Scenario 1: Maintaining the transmission rate of social distancing level 1.5
Scenario 2: Transmission rate decreased by 20% compared to social distancing level 1.5
Scenario 3: Transmission rate is reduced by 40% compared to social distancing level 1.5
Currently, after level 1.5 (November 17 to November 23), level 2 (November 24 to) was implemented, which is a level of about 40% reduction in transmission rate. Since R0 decreased from 1.7995 to 1.1028 compared to level 1.5, there is some effect, but R0 is still greater than 1.
Description of further research
Spatial-temporal COVID-19 transmission dynamics : We focus on the COVID-19 outbreak of Seoul/Geonggi, Busan, and Daegu areas.
Investigate the recent transmission of COVID-19 that occurred in early February in Korea, and predict the future infection situation according to the quarantine policy of each city by fitting R0 and Transmission rate for the transmission situation in Seoul/Gyeonggi, Daegu, and Busan. And, by comparing the quarantine policies selected in each city, the most effective quarantine policy is selected, and the quarantine policy suitable for each stage of social distancing movement, such as social distancing, working at home, and online classes for students, rather than vaccine or regional closure The effect is analyzed by increasing and decreasing the value of R0 and Transmission rate through the SEIHR Model.

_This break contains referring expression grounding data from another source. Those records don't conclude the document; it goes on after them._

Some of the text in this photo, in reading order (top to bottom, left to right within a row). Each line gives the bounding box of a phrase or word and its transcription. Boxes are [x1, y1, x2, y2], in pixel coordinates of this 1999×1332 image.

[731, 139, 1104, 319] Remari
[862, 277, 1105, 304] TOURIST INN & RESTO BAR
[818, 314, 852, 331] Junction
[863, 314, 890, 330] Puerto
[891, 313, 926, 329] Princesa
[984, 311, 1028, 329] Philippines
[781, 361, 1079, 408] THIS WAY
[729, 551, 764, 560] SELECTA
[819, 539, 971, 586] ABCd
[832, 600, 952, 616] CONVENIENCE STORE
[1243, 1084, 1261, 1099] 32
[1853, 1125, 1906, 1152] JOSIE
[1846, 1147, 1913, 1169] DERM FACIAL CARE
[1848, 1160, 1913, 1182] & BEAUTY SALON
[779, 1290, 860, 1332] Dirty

Denoising and demosaicking for image processing :
The subject of research is to restore images for image processing. We understand the characteristics of images, study existing algorithms, and develop algorithms to perform demosaic and denoise by mathematical methods. We are focusing on developing algorithms that are better than existing methods.

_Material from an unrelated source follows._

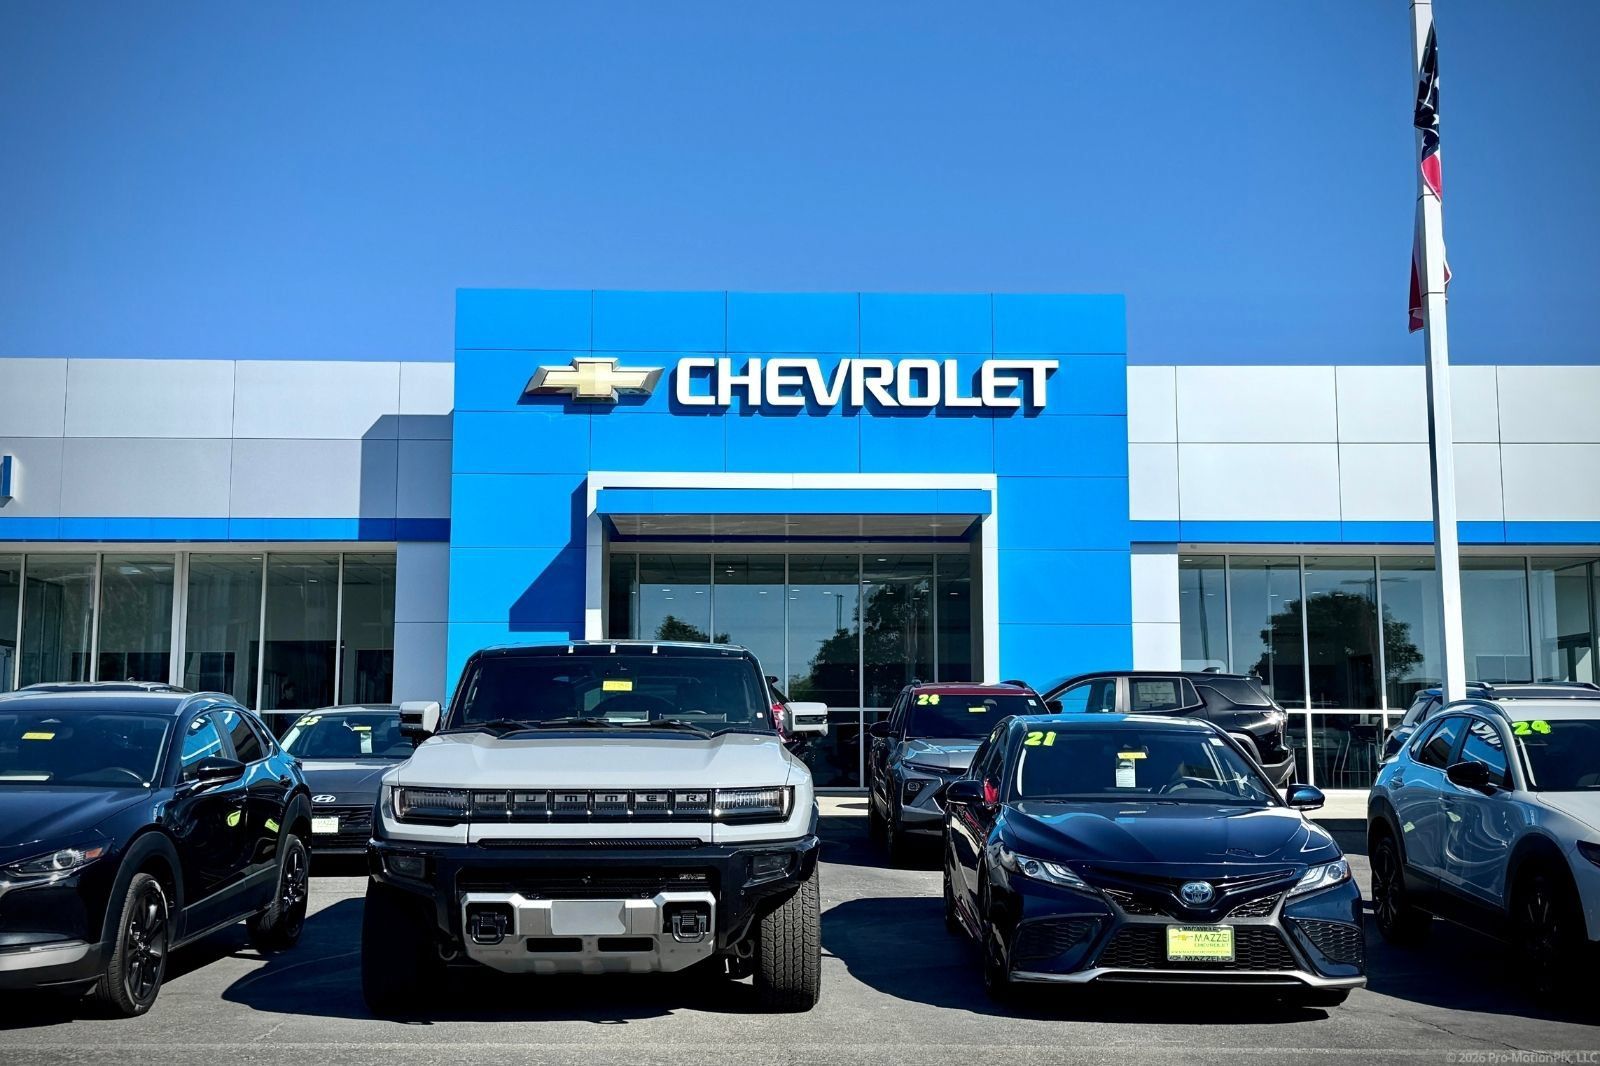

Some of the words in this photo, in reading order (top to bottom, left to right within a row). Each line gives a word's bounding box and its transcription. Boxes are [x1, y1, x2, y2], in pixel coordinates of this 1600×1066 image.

Mathematical modeling in epidemiology (Risk assessment of imported cases for COVID-19 in Korea) :
As the traffic between different countries increased, there were many cases of infectious diseases from other countries. We are studying infectious diseases imported through mathematical models. With the outbreak of the COVID-19, a mathematical model study is underway that takes into account foreign imported cases. Considering several scenarios, we emphasize the need for a policy on importation of infectious diseases in the future.

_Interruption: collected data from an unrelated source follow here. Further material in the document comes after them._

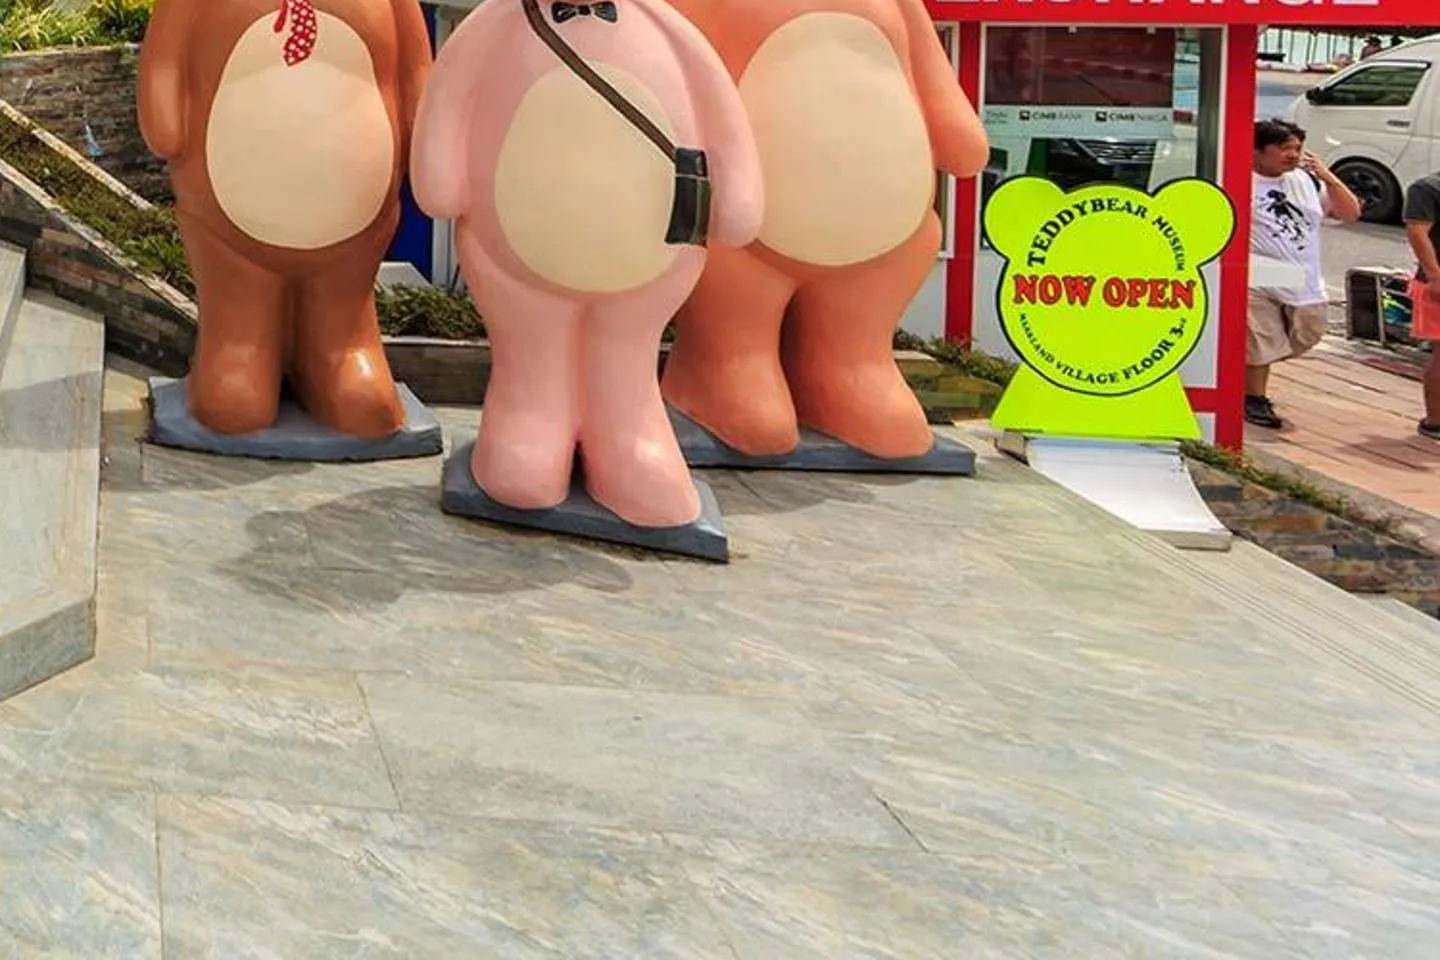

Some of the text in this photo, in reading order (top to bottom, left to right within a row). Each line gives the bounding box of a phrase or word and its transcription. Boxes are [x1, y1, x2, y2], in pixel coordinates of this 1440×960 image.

[1027, 197, 1186, 271] TEDDYBEAR MUSEUM
[1013, 274, 1197, 309] NOW OPEN
[1056, 361, 1121, 384] VILLAGE
[1122, 339, 1176, 380] FLOOR
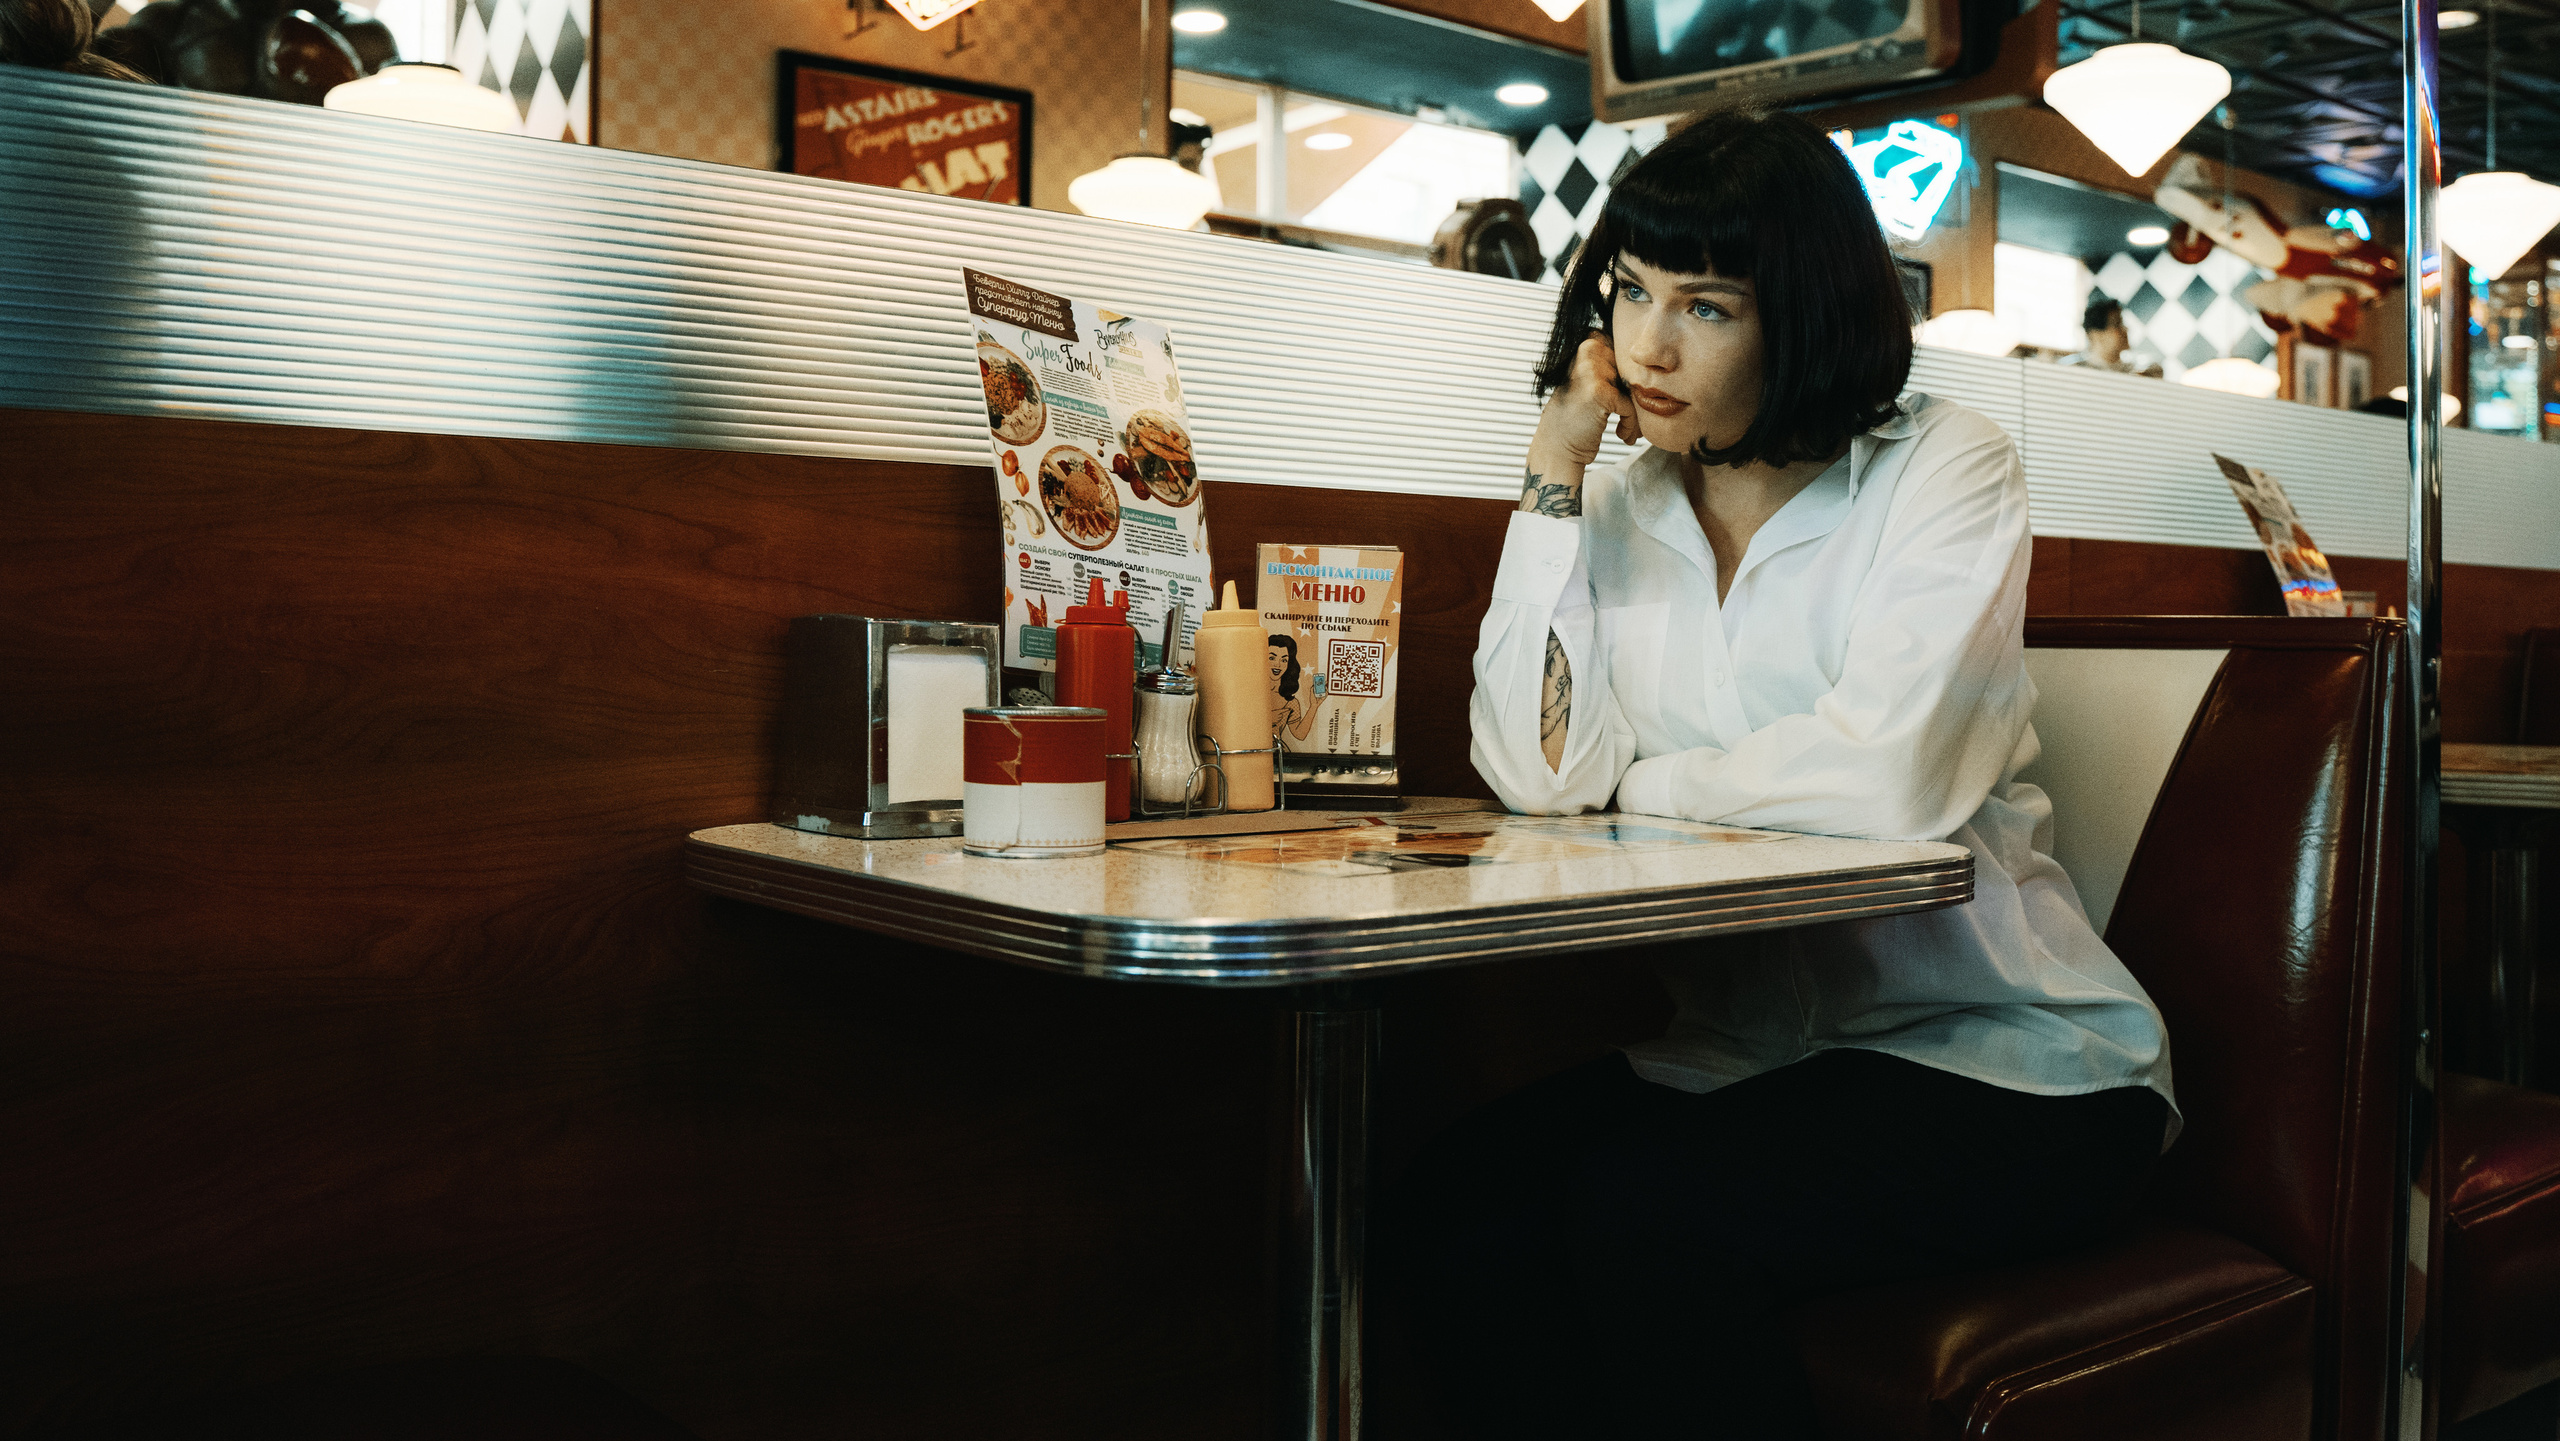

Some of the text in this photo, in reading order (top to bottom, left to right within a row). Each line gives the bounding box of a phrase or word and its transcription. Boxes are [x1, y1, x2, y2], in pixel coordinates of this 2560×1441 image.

[973, 274, 1005, 291] Беверли
[1032, 292, 1060, 308] Дайнер
[975, 286, 1063, 319] представляет новинку
[977, 297, 1065, 331] Суперфуд Меню
[1021, 330, 1063, 367] Super
[1060, 343, 1102, 380] Foods
[1019, 543, 1047, 554] СОЗДАЙ
[1048, 547, 1067, 558] СВОЙ
[1068, 552, 1124, 569] СУПЕРПОЛЕЗНЫЙ
[1124, 562, 1145, 572] САЛАТ
[1155, 568, 1185, 580] ПРОСТЫХ
[1185, 575, 1202, 583] ШАГА
[1267, 562, 1394, 582] БЕСКОНТАКТНОЕ
[1291, 581, 1366, 604] МЕНЮ
[1264, 611, 1390, 627] СКАНИРУЙТЕ И ПЕРЕХОДИТЕ
[1301, 622, 1352, 633] ПО ССЫЛКЕ

Mathematical modeling in biology and epidemiology : (Agent-based modeling and network modeling for MERS-CoV and COVID-19 in Korea)
Research the mathematical modeling in biology and epidemiology. As computing power is improved and the infectious diseases are going complicated, research of heterogeneity is more indeed. So, we use Agent based modeling method and Scale free network such that a network whose degree distribution follows a power law, at least asymptotically. Through these research, we suggest ways of distributing treatments more effectively or how to isolate them.